Come 1997 and the government amended the Civil Servants Act of 1973 to insert section 2-1(a) and 2-1(b) to redefine the civil servant who “is a member of the All-Pakistan Service or of a civil service of the federation or who holds a civil post in connection with the affairs of the federation...”. They excluded deputationists, work-charge and contractual employees and those who were workmen. Lastly, a new IRO was enforced in 2002 which incorporated all the changes in the laws. The IRO also debarred all the employees of departments and corporations, established under an act of parliament, from the jurisdiction of the labour courts. As a result, the employees of the departments, other than those established under the 1973 Constitution, now had no judicial forum to agitate their disputes.
The legal position was explained by the Supreme Court through a judgment in January 2006 in as many as 600 appeals filed by the officers and employees of the Pakistan Railways, Wapda and other public corporations against a decision of the Federal Service Tribunal which rejected their petitions for rights and privileges enjoyed by ‘civil servants’.
A nine-member full bench of the apex court, headed by Chief Justice Iftikhar Mohammad Chaudhry, held that the appellants were not civil servants as defined in section 2-1(b) of the Civil Servants Act, 1973, and thus had no remedy available before the Federal Service Tribunal.
As for the alternative remedy, the apex court said that the cases decided finally by the SC would not be re-opened and review petitions would be heard independently.

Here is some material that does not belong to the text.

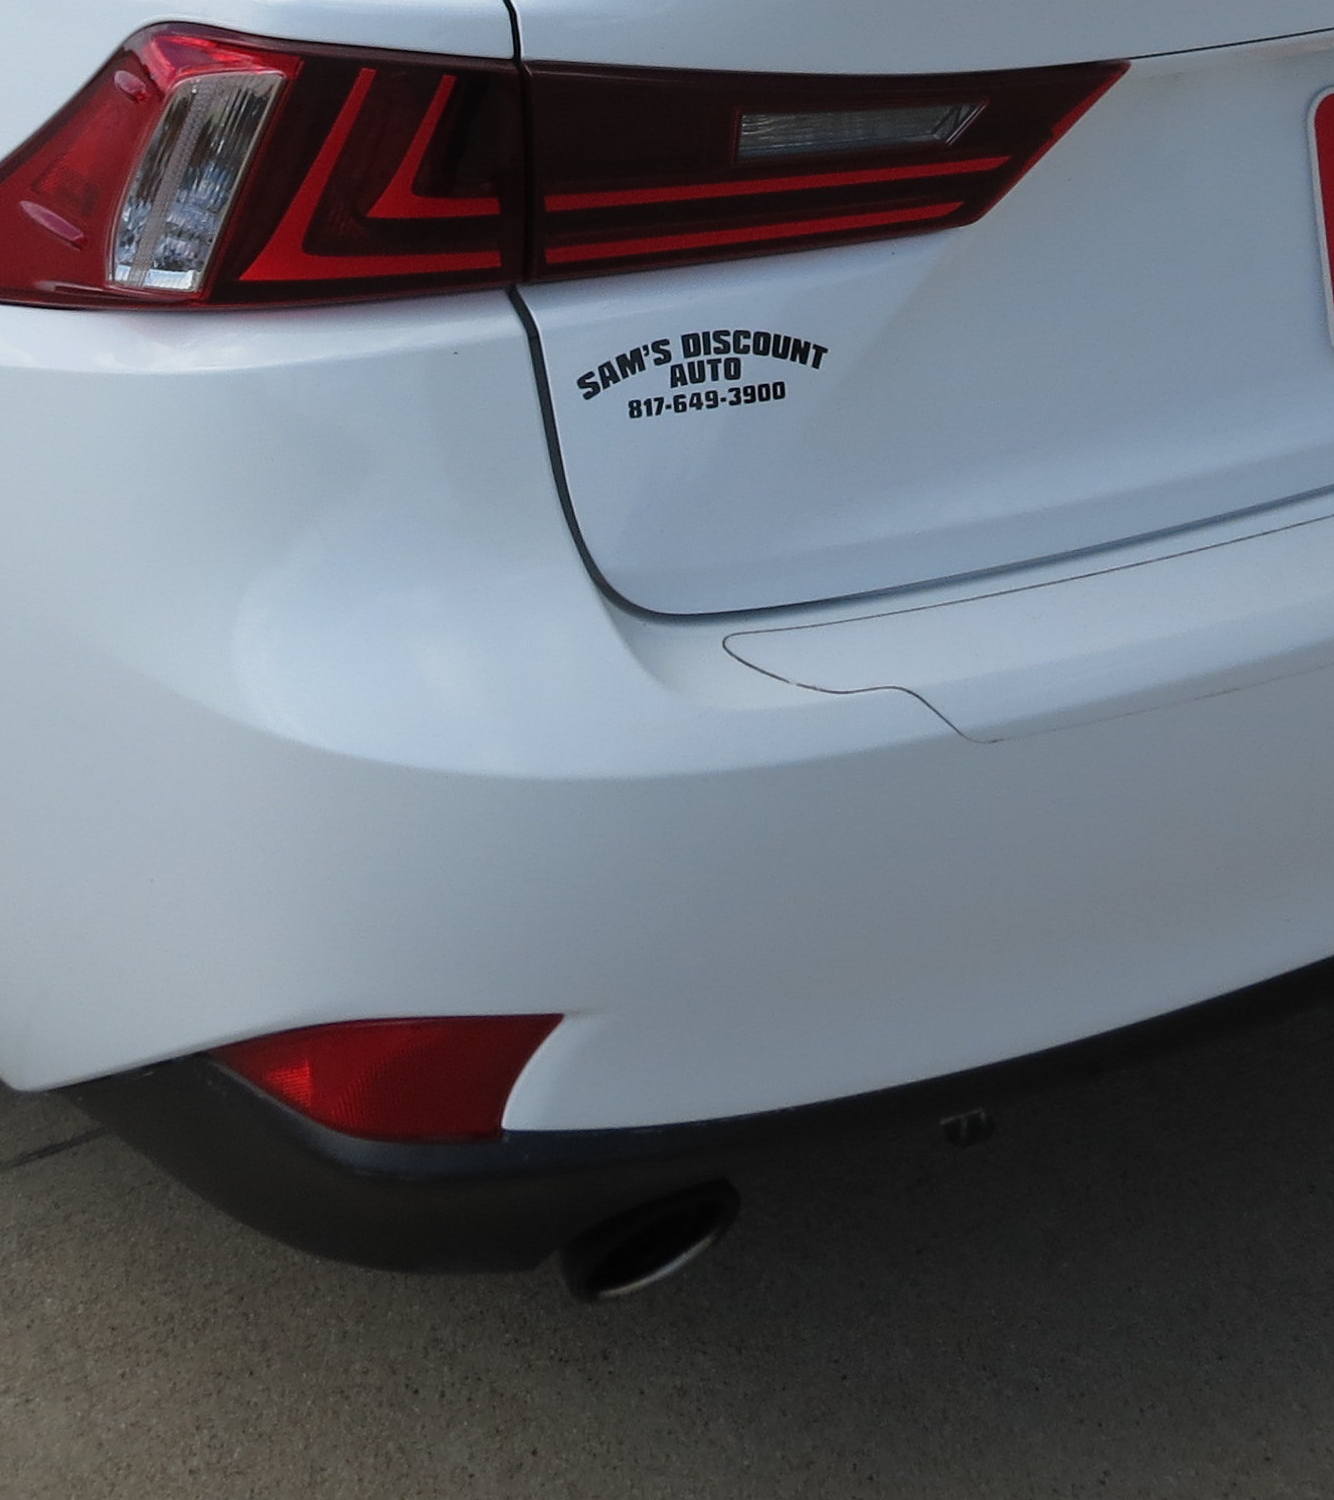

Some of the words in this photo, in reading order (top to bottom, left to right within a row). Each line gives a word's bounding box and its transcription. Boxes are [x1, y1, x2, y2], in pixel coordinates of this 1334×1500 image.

[576, 338, 672, 401] SAM'S
[681, 329, 829, 370] DISCOUNT
[670, 357, 742, 389] AUTO
[628, 381, 786, 419] 817-649-3900

All other appeals, the judgment said, shall stand abated.
CIVIL COURT: As for the alternative remedy, the only opportunity available to them is the civil court under the doctrine of master and servant, as held by the Supreme Court in an appeal by a Wapda employee decided in 1991 and reported in 1993 SCMR 346 by a SC bench headed by Justice Ajmal Mian. The judgment said when a statutory corporation did not frame service rules and enjoyed the discretion of being the sole arbitrator in regulating service terms and conditions, no suit or writ petition would be competent. In such a case, the Supreme Court held, the remedy available to the employee is under the doctrine of ‘master and servant’ in suit for damages (before a civil court). As a consequence, the employees are left with the only remedy of moving a civil court in a suit of damages.
REACTION: All-Pakistan Workers Confederation secretary-general Khursheed Ahmad said that denying the right for redressal of grievances was unconstitutional.
Talking to Dawn on Monday, Ahmad said that door of all the judicial forums now stood closed on hundreds of thousands of employees of public sector corporations through successive changes in different laws which was a gross injustice. Such a situation was frustrating where social security institutions stood weakened and the government was also not giving unemployment allowance to the jobless.
Ahmad, who heads a united front of eight nationwide trade union federations, said employees in public and private sectors had virtually been left on the the mercy of managements.
The PWC secretary-general also mentioned the President (Special Powers for Removal from Service) Ordinance, 2000, saying it was a repressive law which empowered the federal government to remove any employee from service without serving him or her a show-cause notice and giving him an opportunity of defence.